The coronavirus crisis will result in record-high losses for the air travel industry, IATA has warned.
UPI’s Don Jacobson reported the news:
The global air transport industry faces losses of $84 billion this year and $15 billion in 2021 due to a steep drop in demand triggered by the coronavirus pandemic, an industry report predicted Tuesday.
The International Air Transport Association said in its latest industry financial outlook that net profit margins are set to plunge to negative 20 percent in 2020 with revenues plummeting by 50 percent to $419 billion.
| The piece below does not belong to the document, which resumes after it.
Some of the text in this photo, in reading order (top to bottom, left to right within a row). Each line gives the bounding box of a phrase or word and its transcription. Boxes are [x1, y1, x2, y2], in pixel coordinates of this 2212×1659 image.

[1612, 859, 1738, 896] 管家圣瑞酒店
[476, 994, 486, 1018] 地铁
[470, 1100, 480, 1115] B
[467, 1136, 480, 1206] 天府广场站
Under IATA’s scenario, industry losses will moderate in 2021 as airlines stage something of a recovery. Losses will lessen to around $16 billion while revenues will rebound to nearly $600 billion, it predicted.
Reuters’ Laurence Frost wrote:
“Every day of this year will add $230 million to industry losses,” IATA Director General Alexandre de Juniac said.
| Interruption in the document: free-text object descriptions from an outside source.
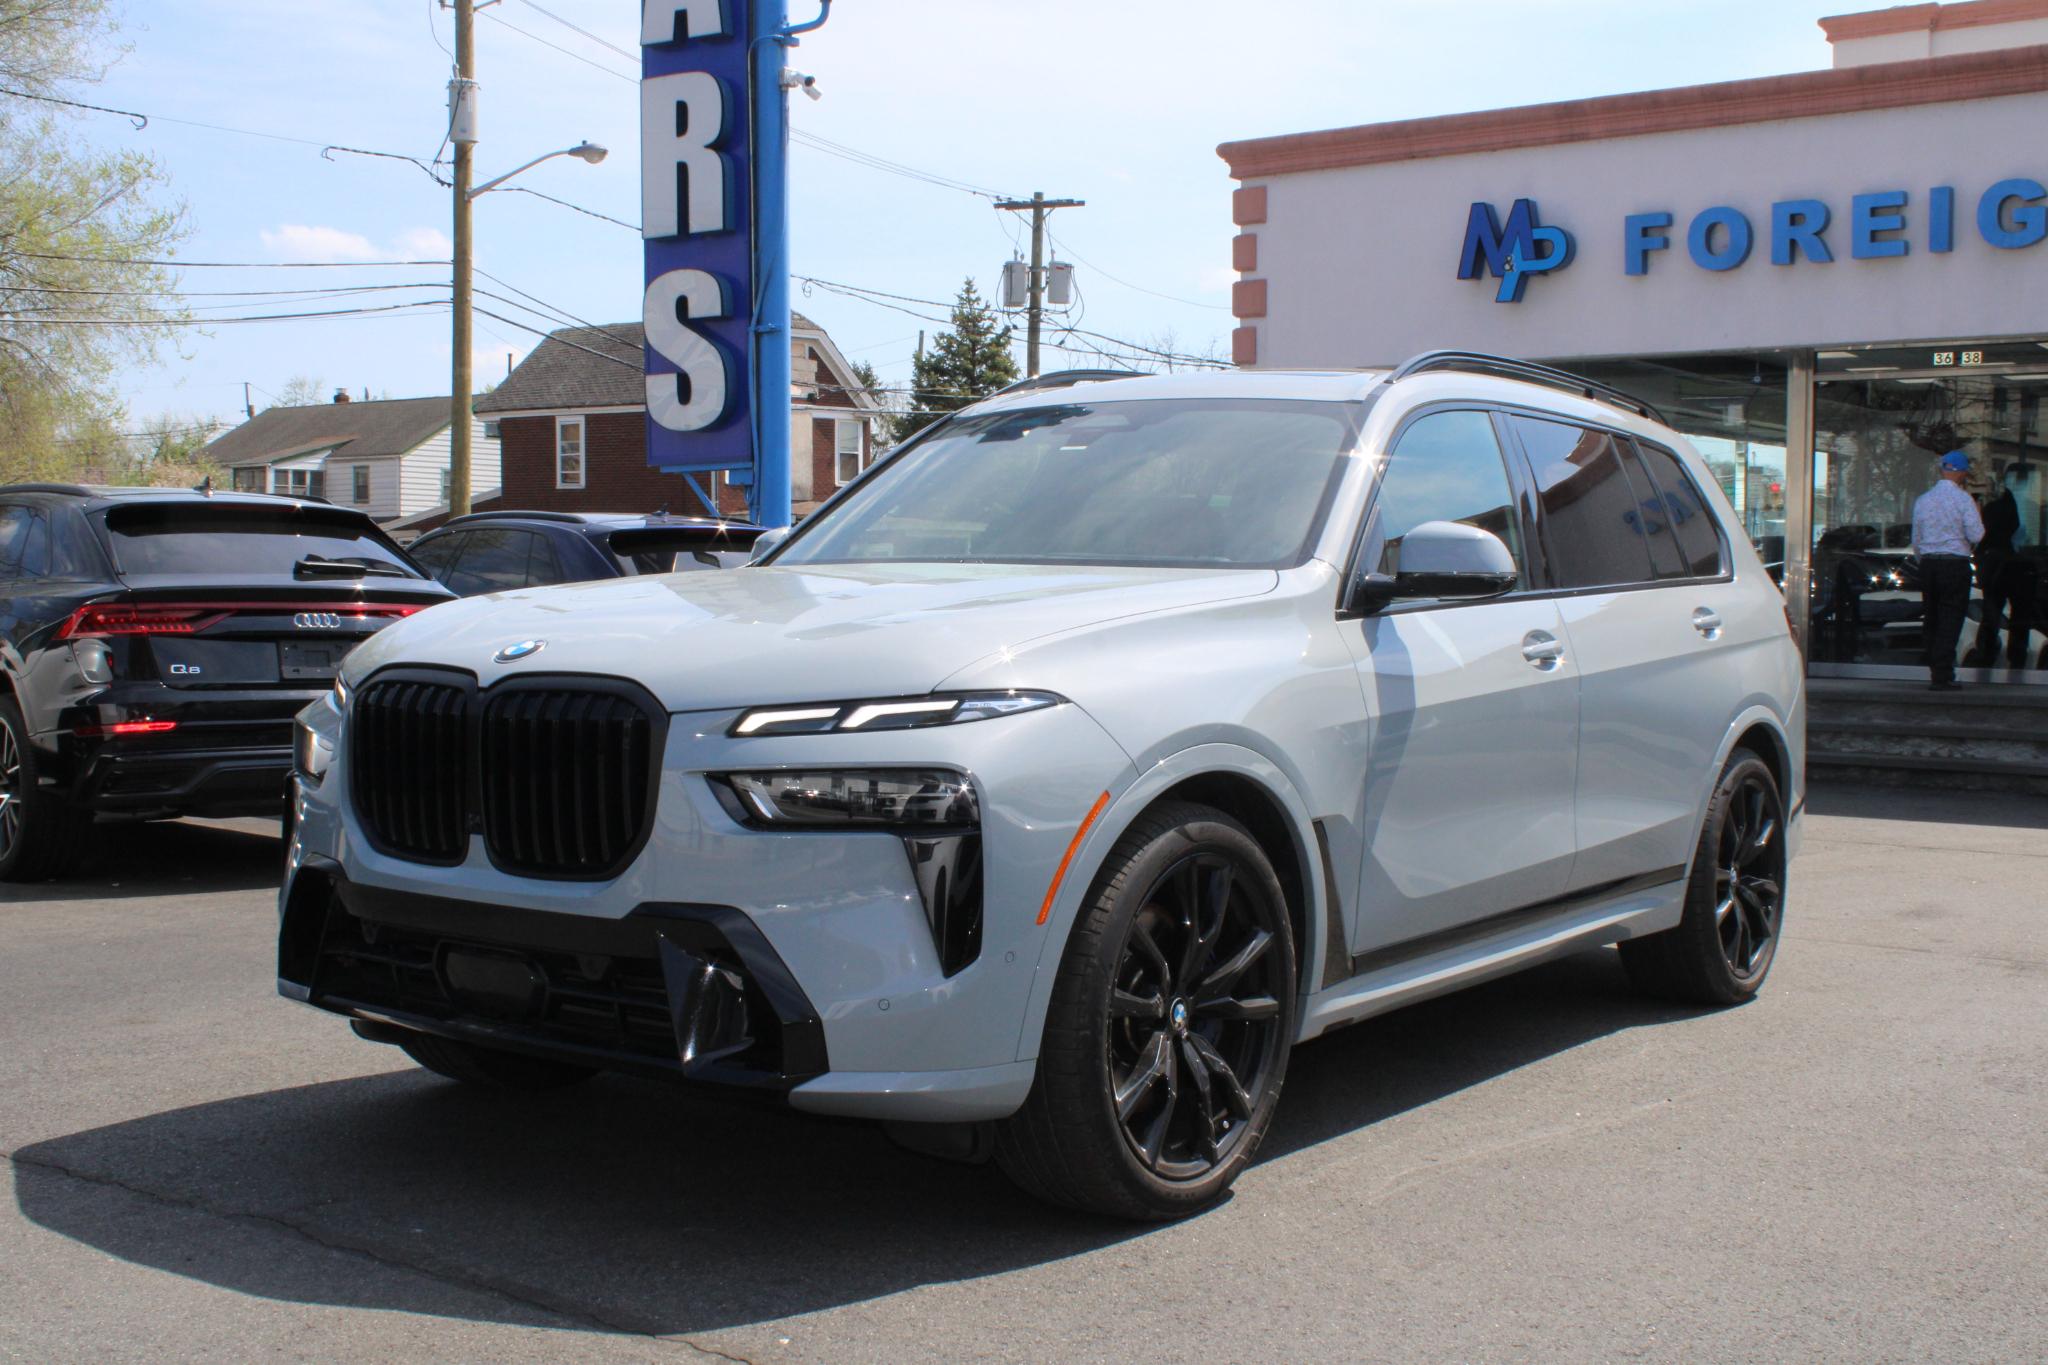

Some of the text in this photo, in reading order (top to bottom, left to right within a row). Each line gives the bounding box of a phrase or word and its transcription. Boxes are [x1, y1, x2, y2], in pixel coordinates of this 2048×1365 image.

[641, 0, 728, 432] RS
[1625, 178, 2048, 276] FOREIG
[1935, 352, 1980, 364] 36 38
[171, 664, 201, 674] Q8
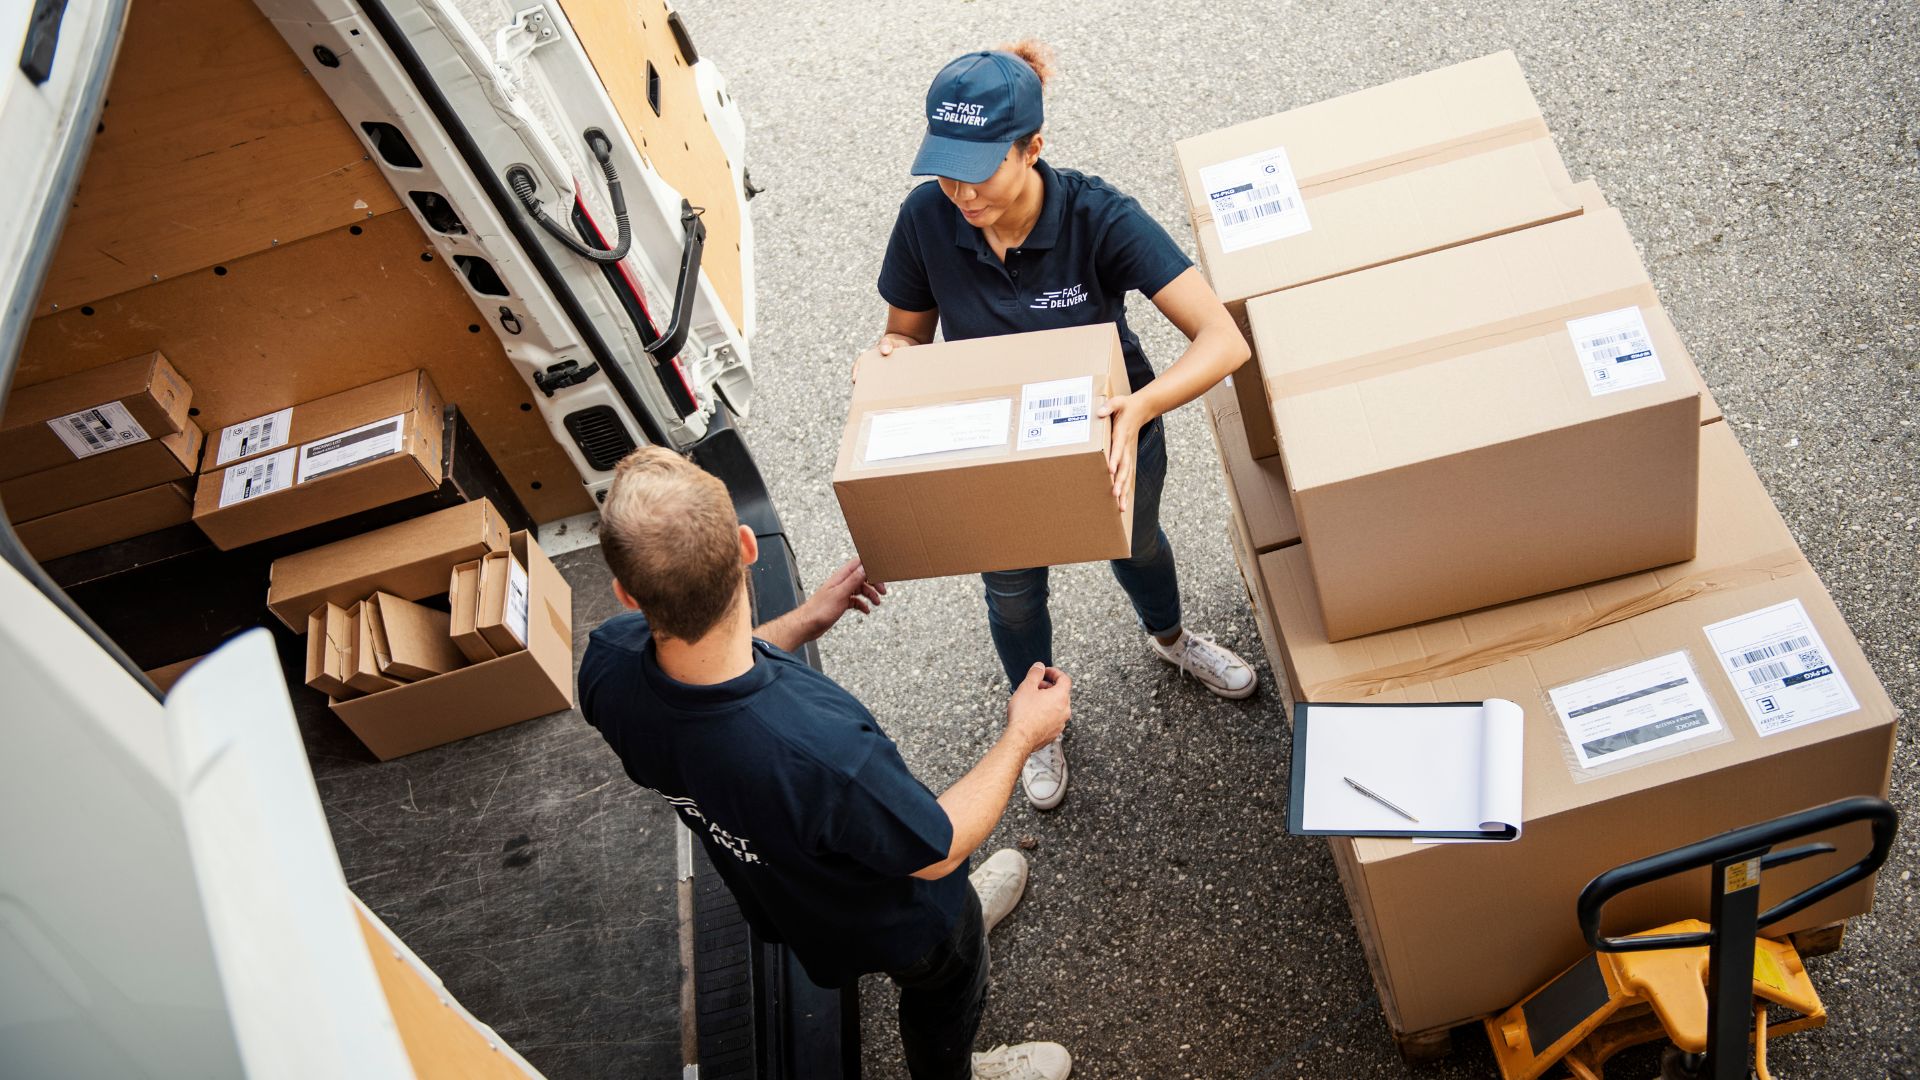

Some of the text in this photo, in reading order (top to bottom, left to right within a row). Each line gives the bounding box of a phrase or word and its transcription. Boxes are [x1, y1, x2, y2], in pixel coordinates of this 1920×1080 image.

The average loss amounts to almost $38 per passenger flown.
In 2021, IATA warned losses could hit $100 billion as traffic struggles to recover and airlines slash fares to win business.
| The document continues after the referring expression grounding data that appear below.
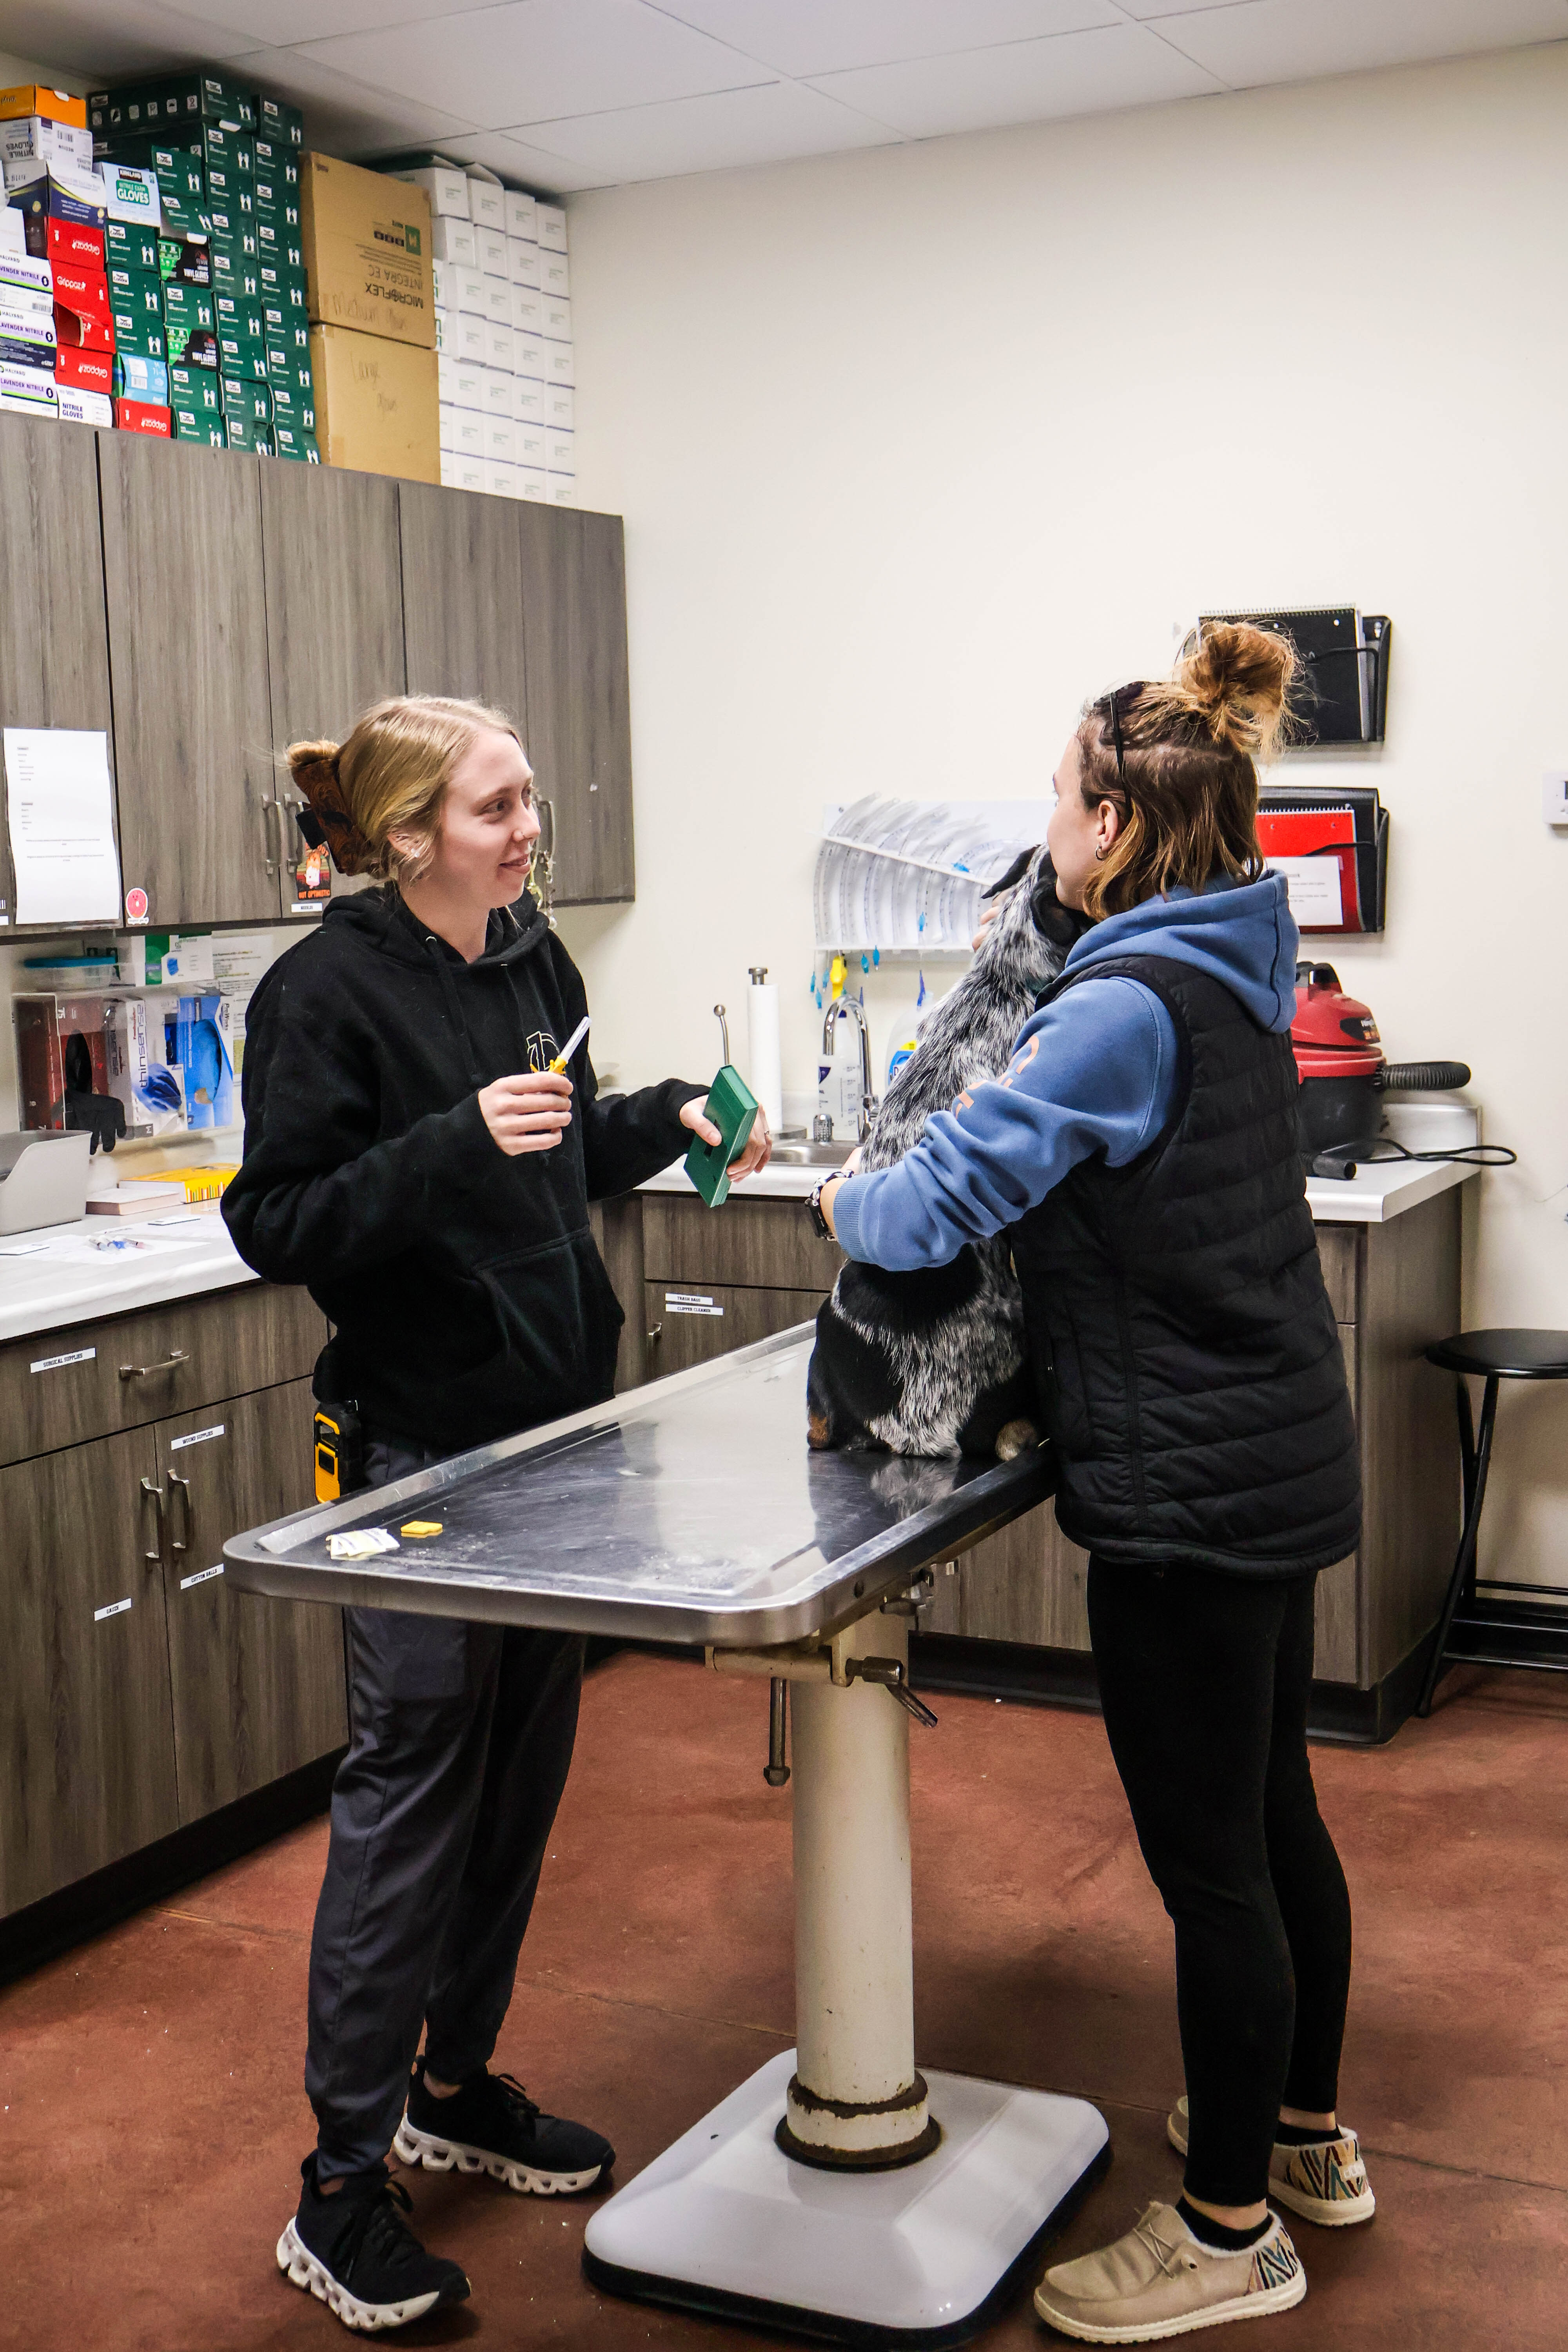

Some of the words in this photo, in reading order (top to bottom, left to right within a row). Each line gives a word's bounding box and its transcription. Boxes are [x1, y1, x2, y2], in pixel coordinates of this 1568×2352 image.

[118, 188, 149, 204] GLOVES
[21, 270, 39, 280] NITRILE
[368, 264, 381, 279] EC
[384, 269, 423, 290] INTEGRA
[25, 327, 44, 336] NITRILE
[83, 365, 108, 379] Grippaz
[0, 378, 25, 388] LAVENDER
[27, 383, 44, 392] NITRILE
[62, 402, 83, 412] NITRILE
[62, 410, 83, 419] GLOVES
[145, 419, 167, 432] Grippaz
[137, 1004, 148, 1089] thinsense
[43, 1359, 63, 1367] SURGICAL
[64, 1353, 83, 1362] SUPPLIES
[182, 1436, 196, 1445] WOUND
[197, 1431, 213, 1440] SUPPLIES
[191, 1573, 205, 1583] COTTON
[206, 1568, 217, 1577] BALLS
“Airlines will still be financially fragile in 2021,” De Juniac said, predicting “even more intense” competition.
The BBC recalled:
IATA had previously warned that airlines would lose $314bn this year, after air traffic all but disappeared in April, when governments around the world imposed limits on travel to try to control the spread of the virus.
While there are signs travel is starting to pick up, the recovery has been slow, complicated by economic downturn and government quarantines.
In the US, the Transportation Security Administration screened more than 440,000 people at airport checkpoints on Sunday. That’s up from fewer than 100,000 people in April, but still down more than 80% from last year.